◆ **RECORDED DATA**
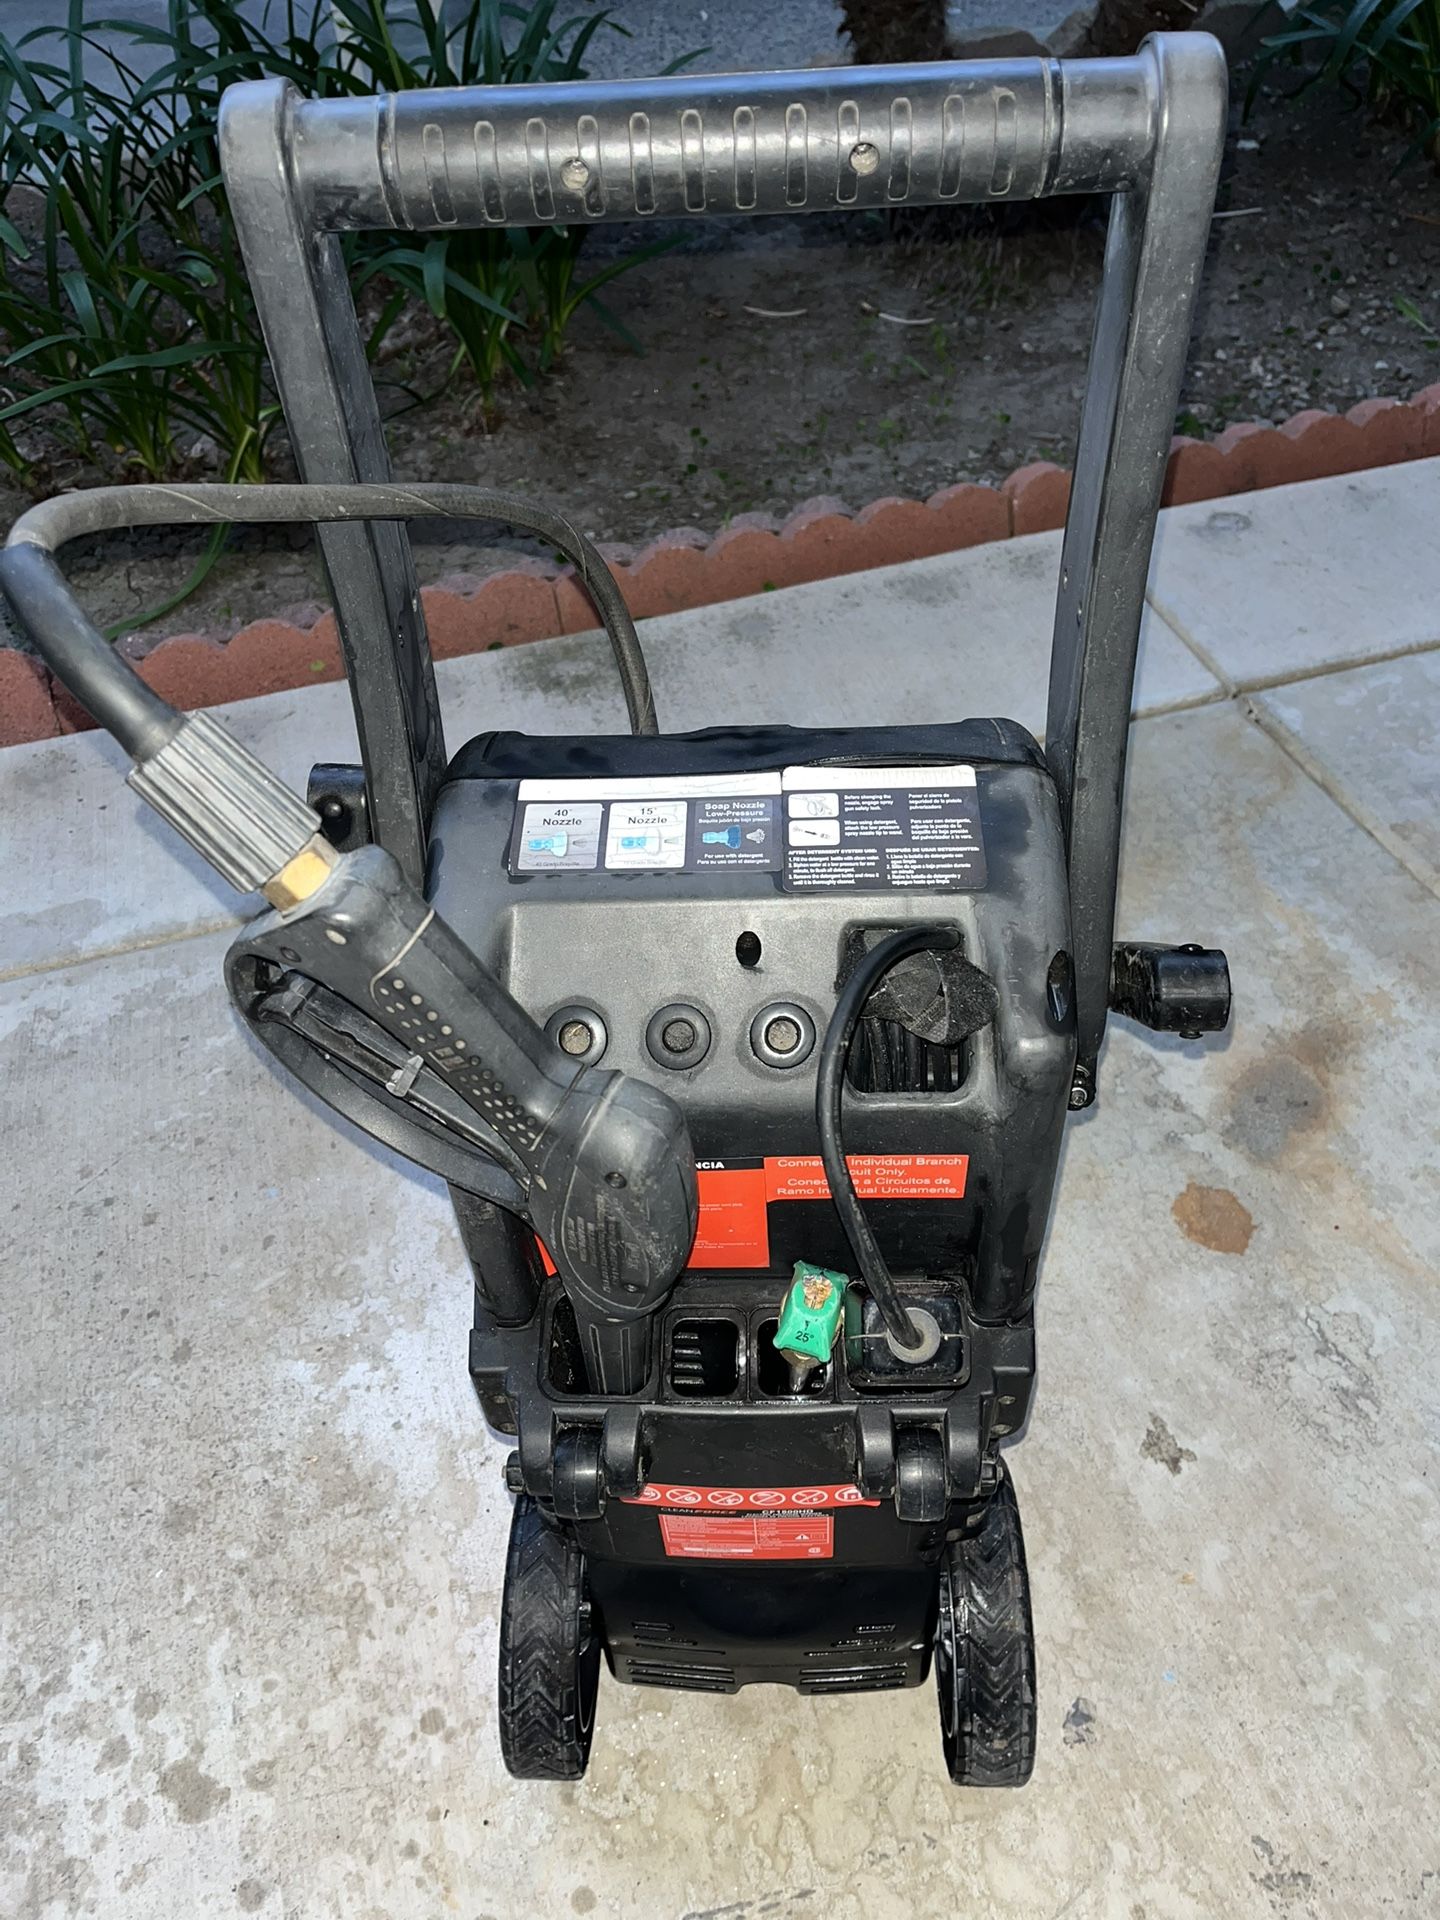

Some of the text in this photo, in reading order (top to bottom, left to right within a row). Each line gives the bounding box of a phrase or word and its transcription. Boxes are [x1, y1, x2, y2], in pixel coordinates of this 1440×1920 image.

[851, 1158, 912, 1166] Individual
[916, 1157, 962, 1166] Branch
[875, 1168, 907, 1177] Only.
[875, 1177, 931, 1185] Circuitos
[777, 1187, 814, 1195] Ramo
[881, 1186, 960, 1194] Unicamente.
[795, 1331, 814, 1343] 25°
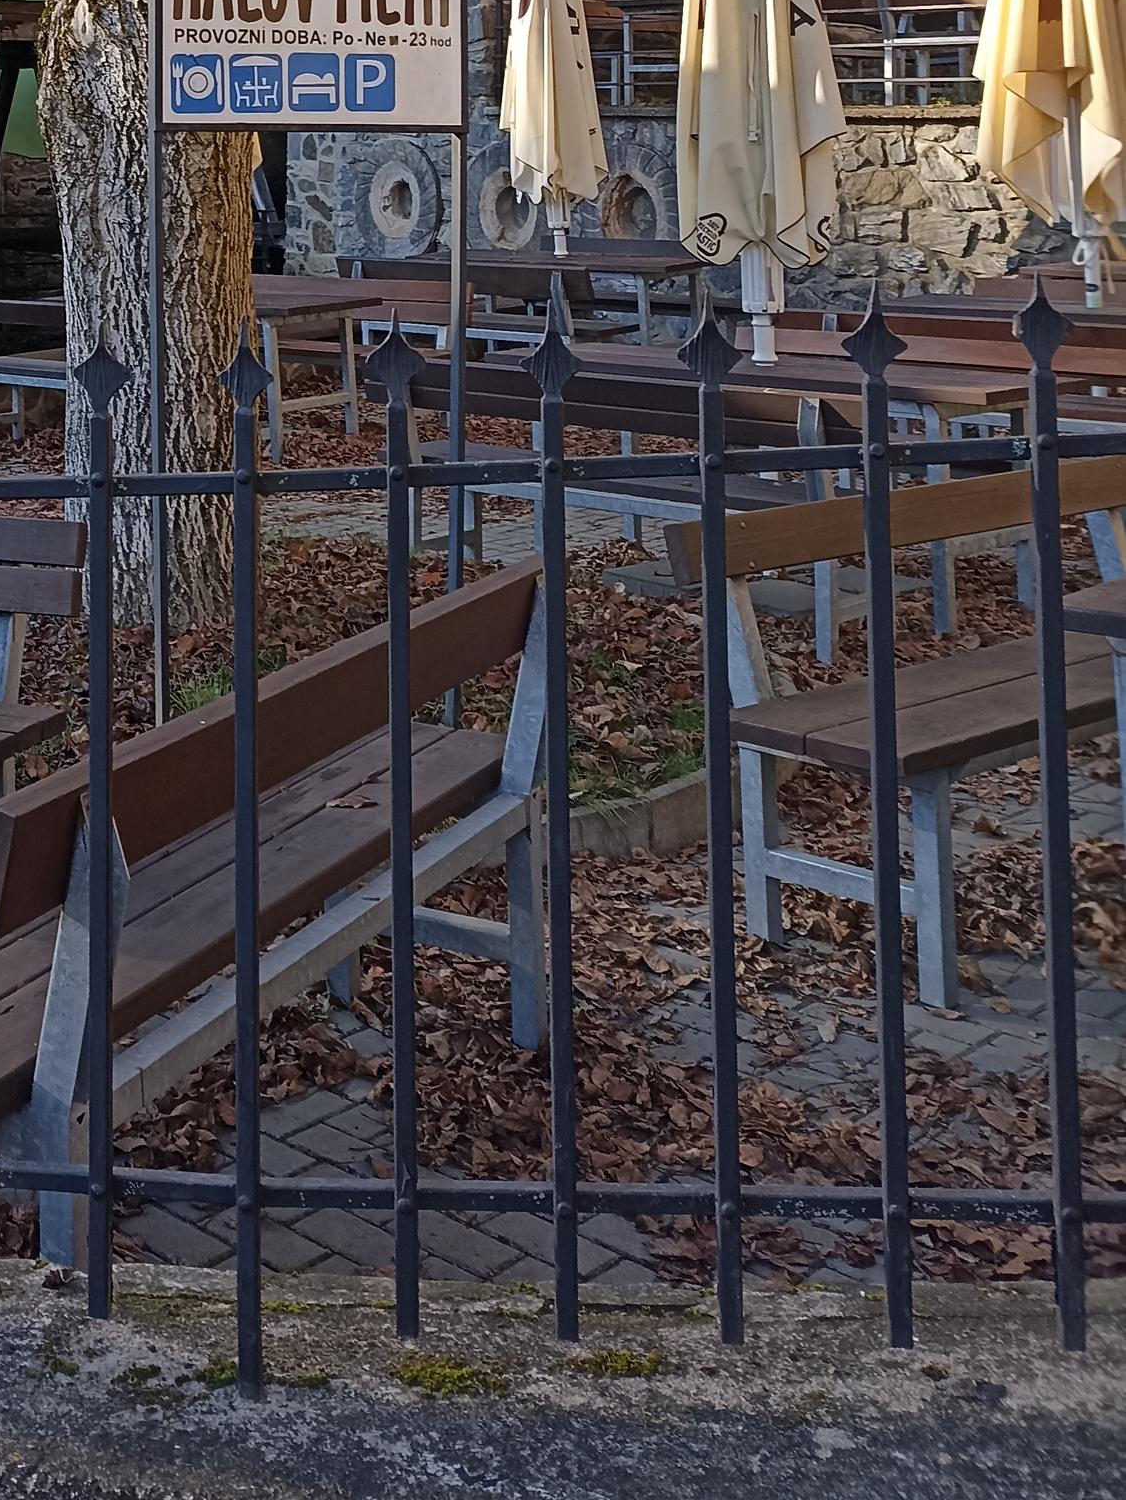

◆ **EXERCISE DIRECTIONS**
Produce a verbatim transcription of every line in the listing, images omitted.

◆ **TASK RESPONSE**
Some of the text in this photo, in reading order (top to bottom, left to right within a row). Each line gives the bounding box of a phrase or word and its transcription. Boxes are [x1, y1, x2, y2], in pixel coordinates of this 1440×1920 image.

[851, 1158, 912, 1166] Individual
[916, 1157, 962, 1166] Branch
[875, 1168, 907, 1177] Only.
[875, 1177, 931, 1185] Circuitos
[777, 1187, 814, 1195] Ramo
[881, 1186, 960, 1194] Unicamente.
[795, 1331, 814, 1343] 25°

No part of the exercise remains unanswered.